I am a finalist medical student in Kenyatta University in Nairobi, Kenya.
During my free time, I work with a group of volunteers composed of medical and public health students in a project called RESPEKT (Reproductive and Sexual Health Program for Kenyan Teenagers). This is a partnership project between Medical Students’ Association of Kenya (MSAKE) and International Medical Co-operation Committee Uland (IMCC-Uland). The project started to develop in 2014, and by 2015 volunteers from both MSAKE and IMCC met to brainstorm; that was when RESPEKT was born.
Our goal is to ensure quality education on sexual and reproductive health and rights (SRHR) among teenagers aged 13-19 years in Kenya by facilitating a series of workshops at undeserved secondary schools in five different Kenyan counties. The project applies a rights-based approach to combat the harmful cultural practices, gender-based violence and lack of relevant and accurate information on SRHR among youth in Kenya.

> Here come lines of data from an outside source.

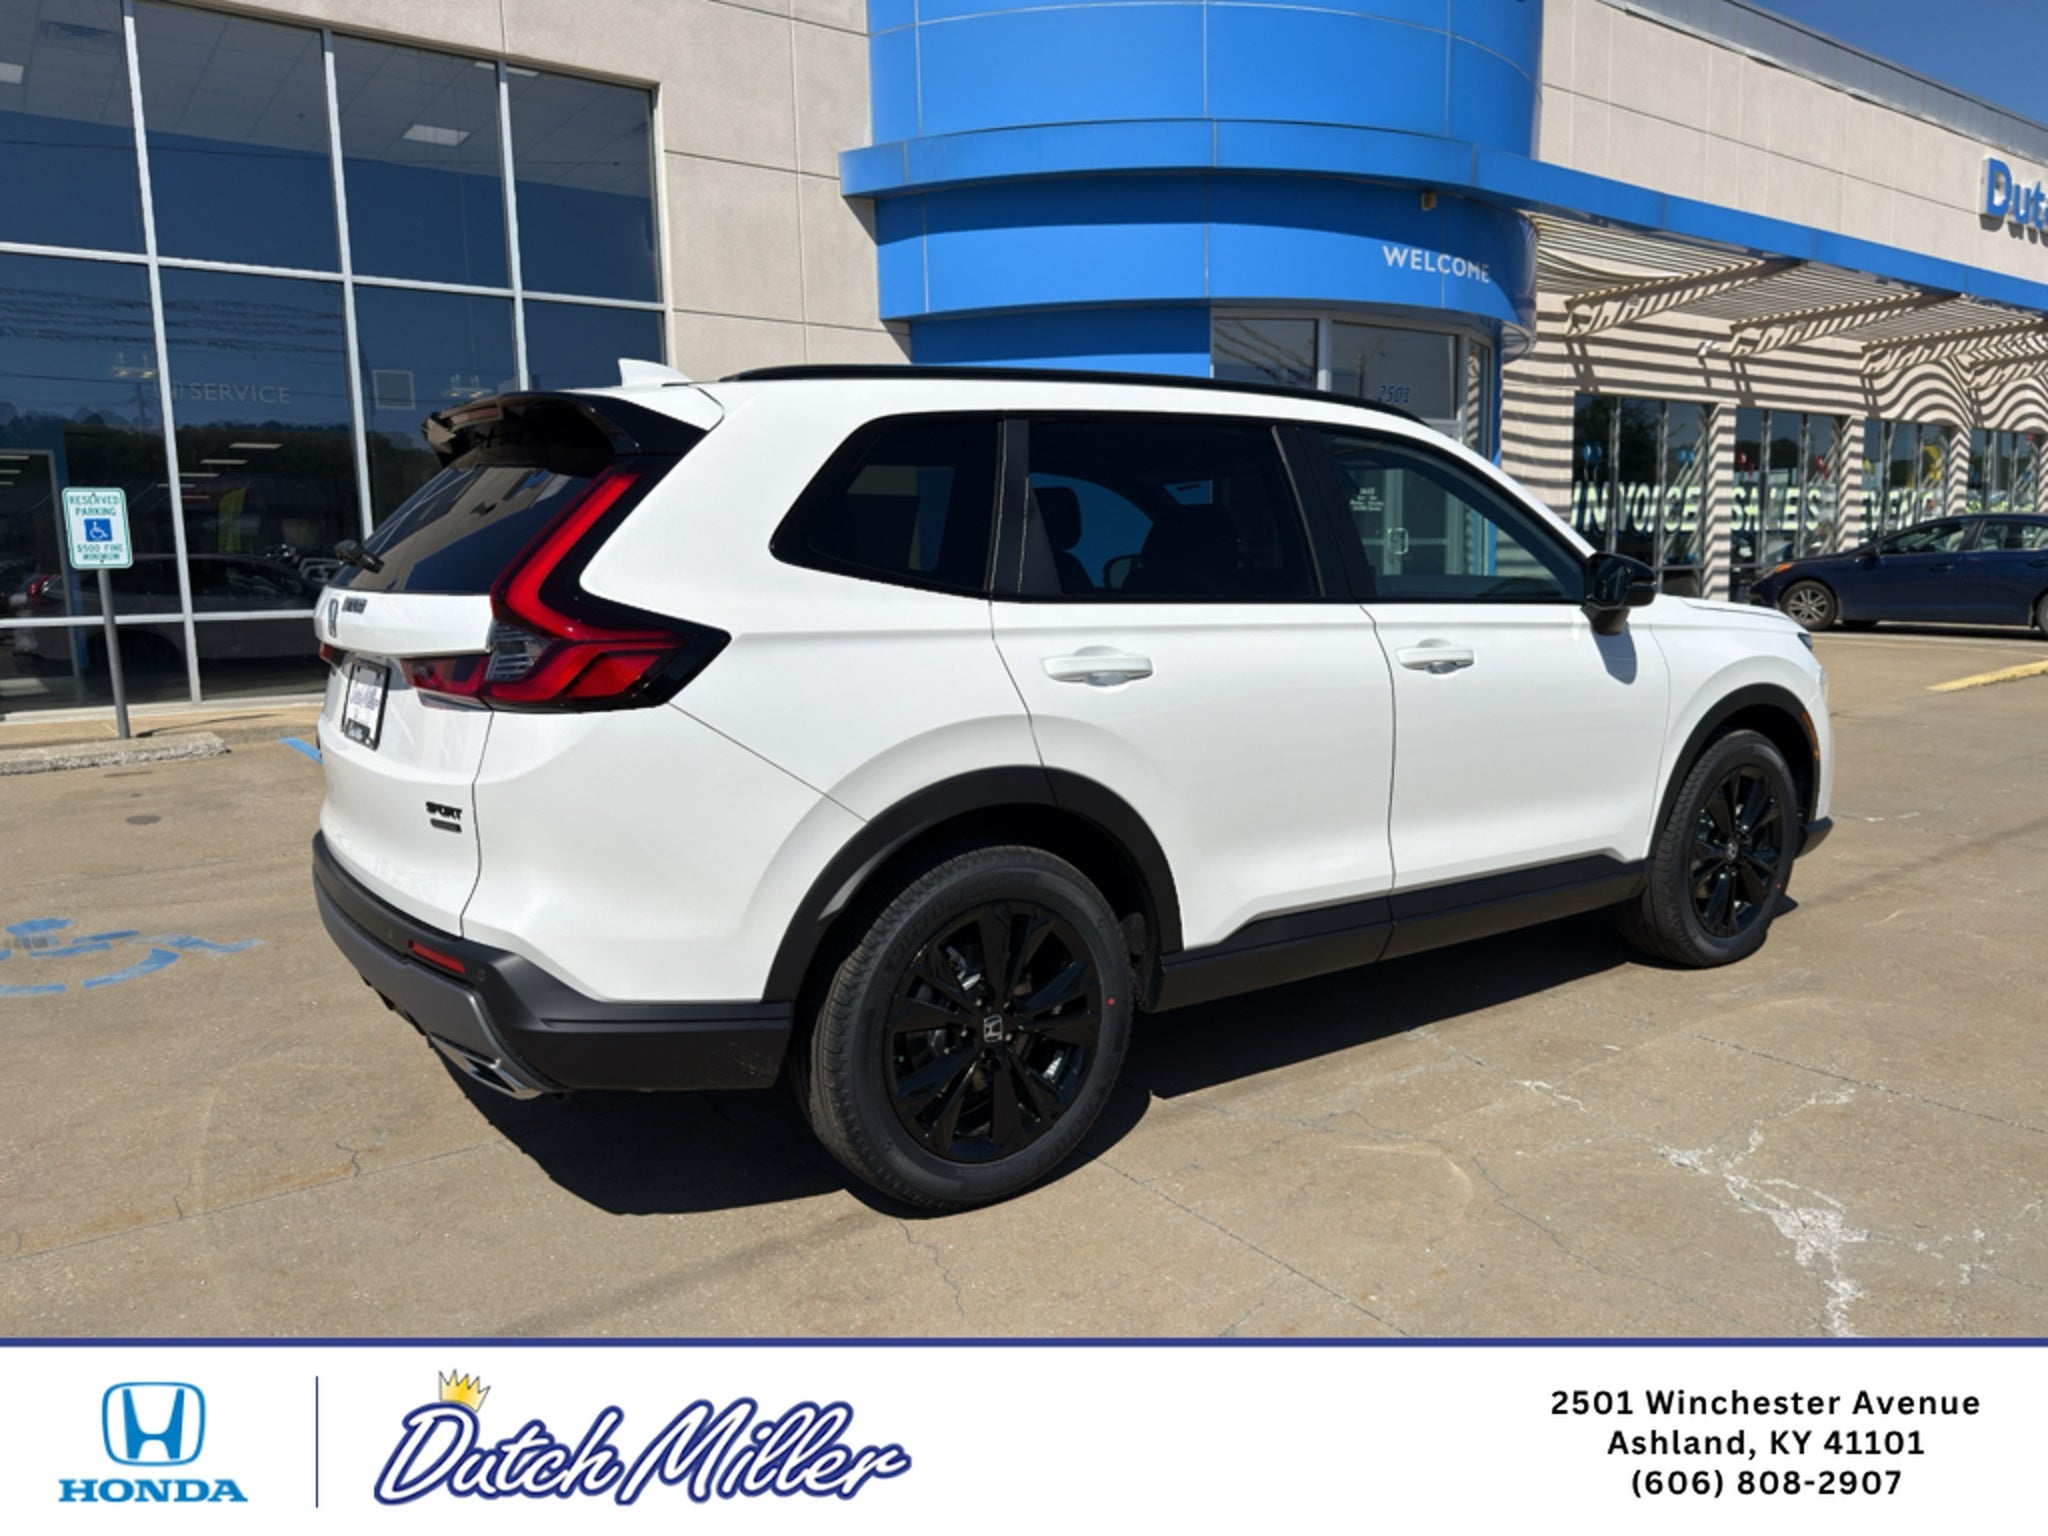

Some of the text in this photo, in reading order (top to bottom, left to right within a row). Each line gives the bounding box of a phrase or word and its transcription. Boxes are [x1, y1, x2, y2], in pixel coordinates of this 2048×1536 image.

[1984, 158, 2048, 230] Dut
[1382, 244, 1491, 284] WELCOME
[190, 382, 292, 405] SERVICE
[1376, 384, 1411, 405] 2501
[69, 495, 119, 505] RESERVED
[1571, 481, 1701, 532] INVOICE
[1730, 486, 1821, 531] SALES
[75, 507, 116, 517] PARKING
[425, 801, 463, 820] SPORT

In Kenya, young boys and girls are unable to access sexual and reproductive health services despite of their right to do so as entrenched in the Kenyan constitution. Young women and children continue to suffer in the hands of health-care practitioners and quacks who claim that female genital mutilation done in the hospital is safer than that done in traditional settings. Unmet sexual and reproductive health needs among the youth contribute to unwanted pregnancies, STIs and HIV infections. Teenage pregnancies are associated with adverse outcomes such as unsafe abortion, obstructed labour, fistulas and death.

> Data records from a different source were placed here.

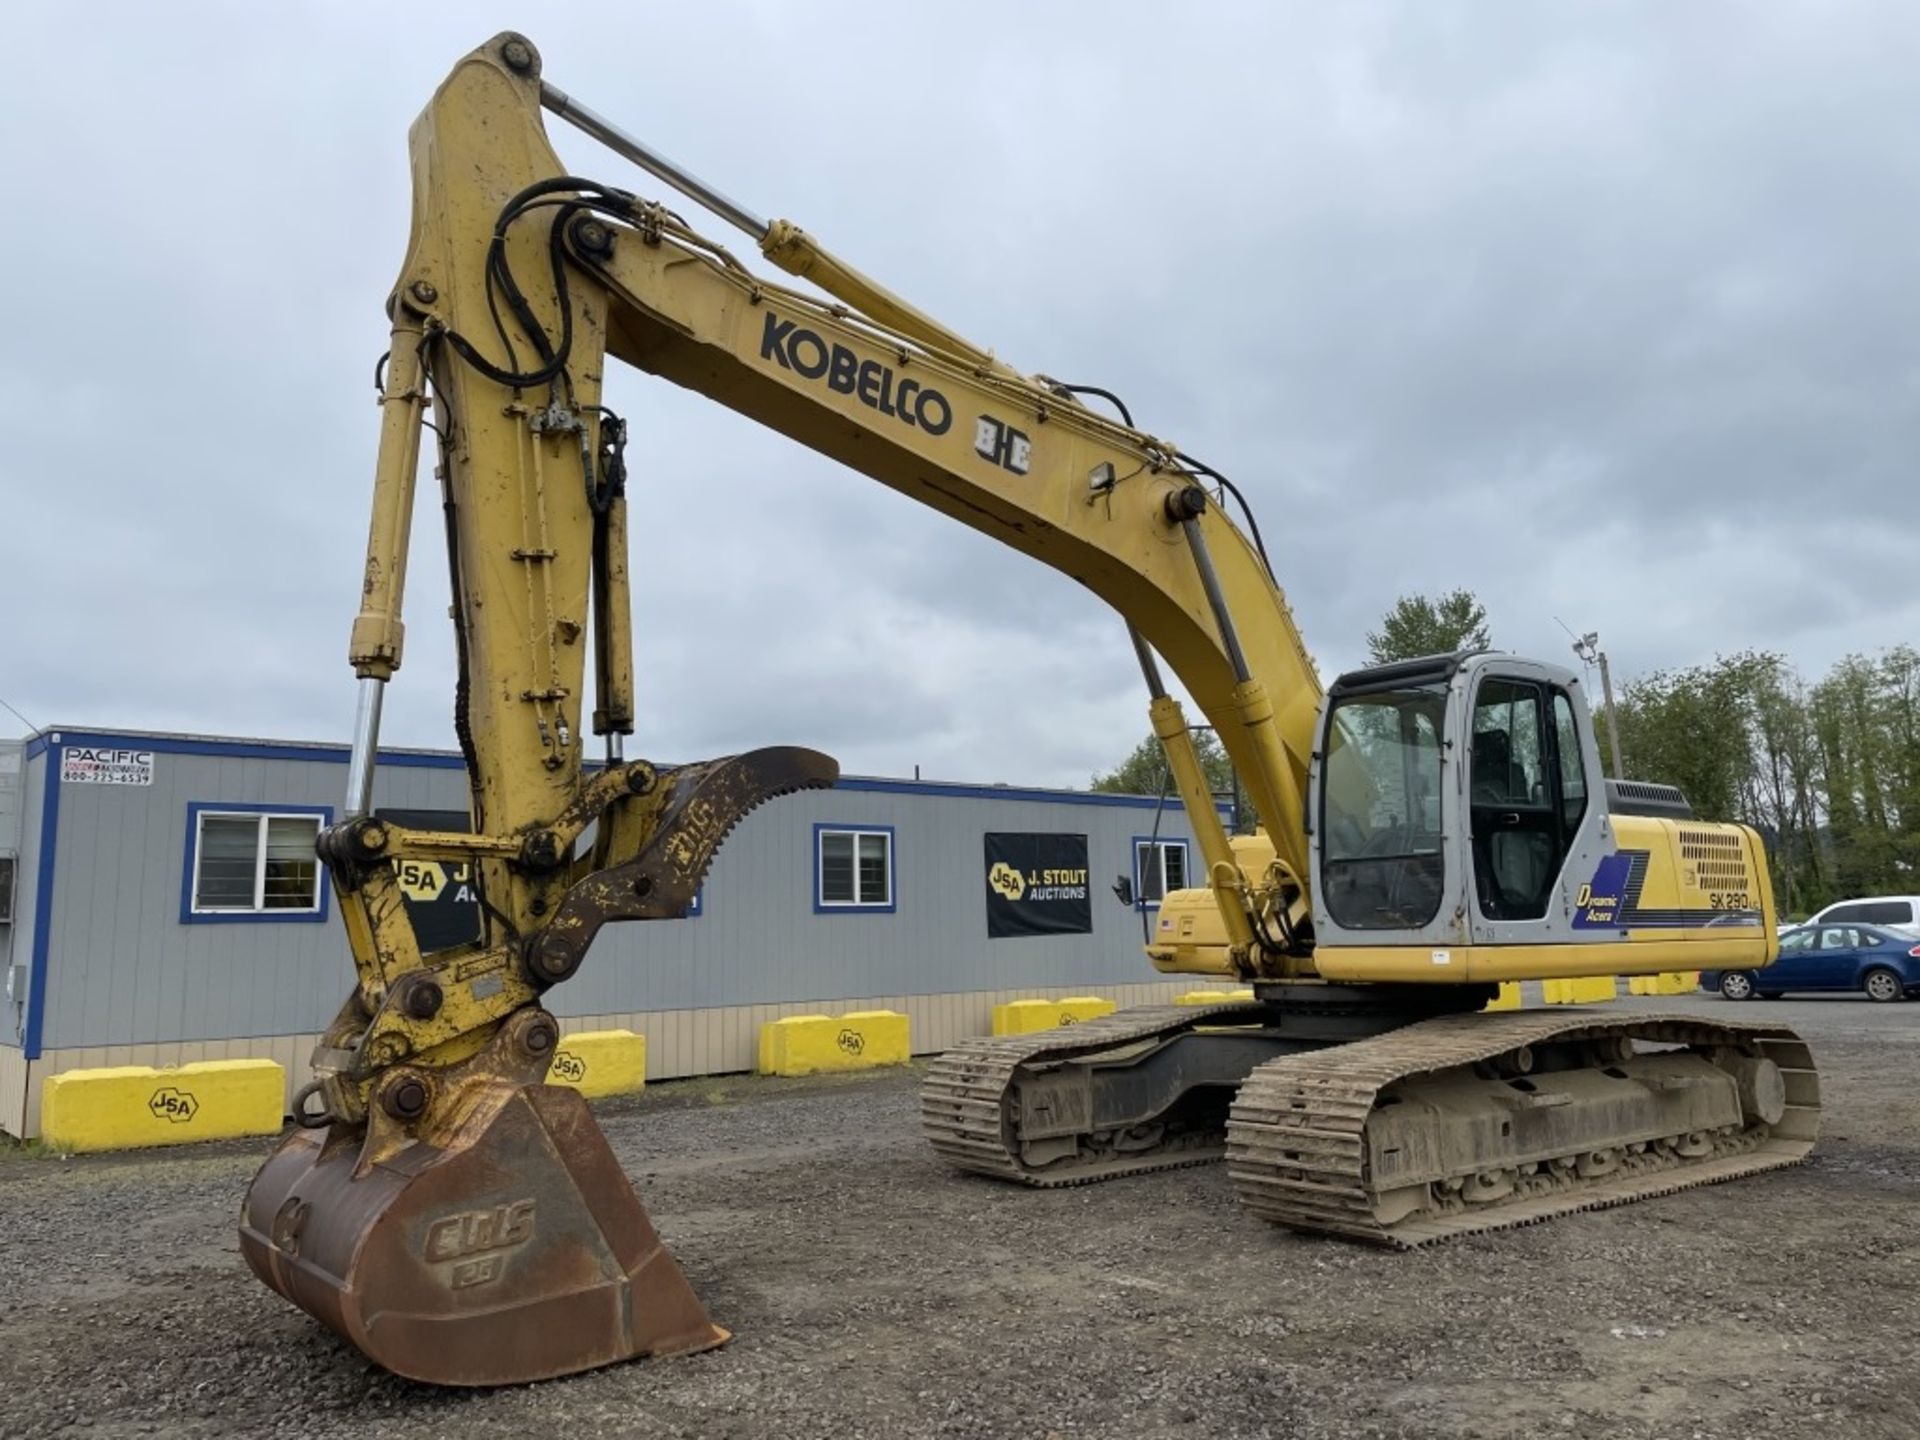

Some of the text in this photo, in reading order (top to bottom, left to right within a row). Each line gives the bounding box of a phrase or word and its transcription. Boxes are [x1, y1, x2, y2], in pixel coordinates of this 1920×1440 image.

[760, 311, 953, 436] KOBELCO
[992, 868, 1020, 893] JSA
[1028, 869, 1087, 886] J. STOUT
[1029, 886, 1086, 901] AUCTIONS
[1576, 884, 1618, 909] Dynamic
[839, 1034, 860, 1050] JSA
[554, 1056, 580, 1076] JSA
[153, 1092, 190, 1116] JSA

Efforts to address these issues have been made by the national government, through the creation of the Adolescent Reproductive Health and Development Policy in 2003 aimed at improving reproductive health and the quality of life among Kenyan adolescents and youth. However, the drive to secure adequate awareness and education on SRHR has faced a range of cultural and religious opposition.

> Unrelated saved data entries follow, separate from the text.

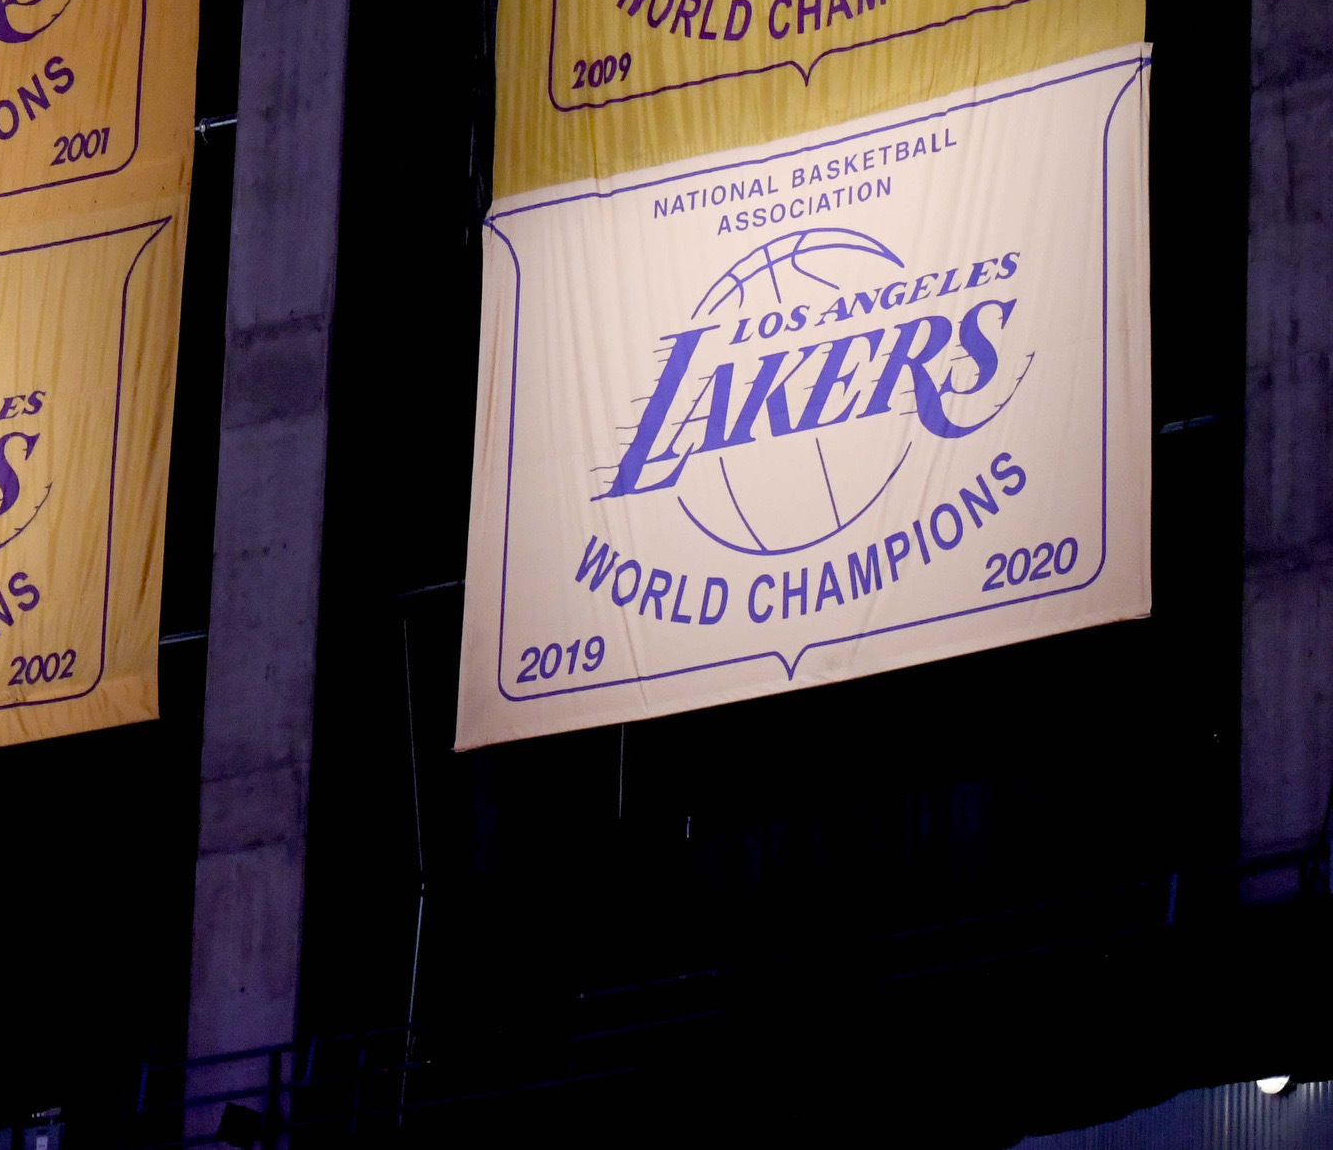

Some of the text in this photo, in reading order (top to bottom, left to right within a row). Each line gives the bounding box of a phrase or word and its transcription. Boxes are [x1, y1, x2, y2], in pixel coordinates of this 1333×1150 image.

[572, 53, 632, 88] 2009
[51, 127, 111, 165] 2001
[653, 129, 957, 218] NATIONAL BASKETBALL
[717, 177, 892, 235] ASSOCIATION
[730, 252, 1021, 344] LOS ANGELES
[590, 299, 1018, 502] LAKERS
[575, 452, 1028, 625] WORLD CHAMPIONS
[981, 538, 1079, 591] 2020
[8, 649, 77, 687] 2002
[517, 636, 605, 683] 2019

Accommodating these challenges, we seek to provide quality education on sexual and reproductive health and rights through a series of workshops that emphasize the creation of safe spaces. A safe space is a non-judgemental and friendly environment where we can have open discussions and our opinions are respected. Through the project we have been able to address issues of menstrual hygiene; harmful cultural practices like female genital mutilation; the importance of safe sex practices and abstinence when possible; and early or unplanned pregnancy. Creating safe spaces has made students feel comfortable and enthusiastic in leading discussions. One girl remarked after a session on early pregnancy, “I was like a blind person before you came to our school but now I see clearly”.
Issues surrounding sexuality and reproductive health are difficult to talk about with our parents and teachers because it is largely considered taboo. Young boys and girls are therefore more receptive to us compared to older people, and we take advantage of this to impact youth one at a time. Our long term goal is to raise a generation of young women and men who will take charge of their health and secure the right to health for all around them. The workshops have also given us an opportunity to mentor and encourage young boys and girls in school to strive towards making it to college and a better life.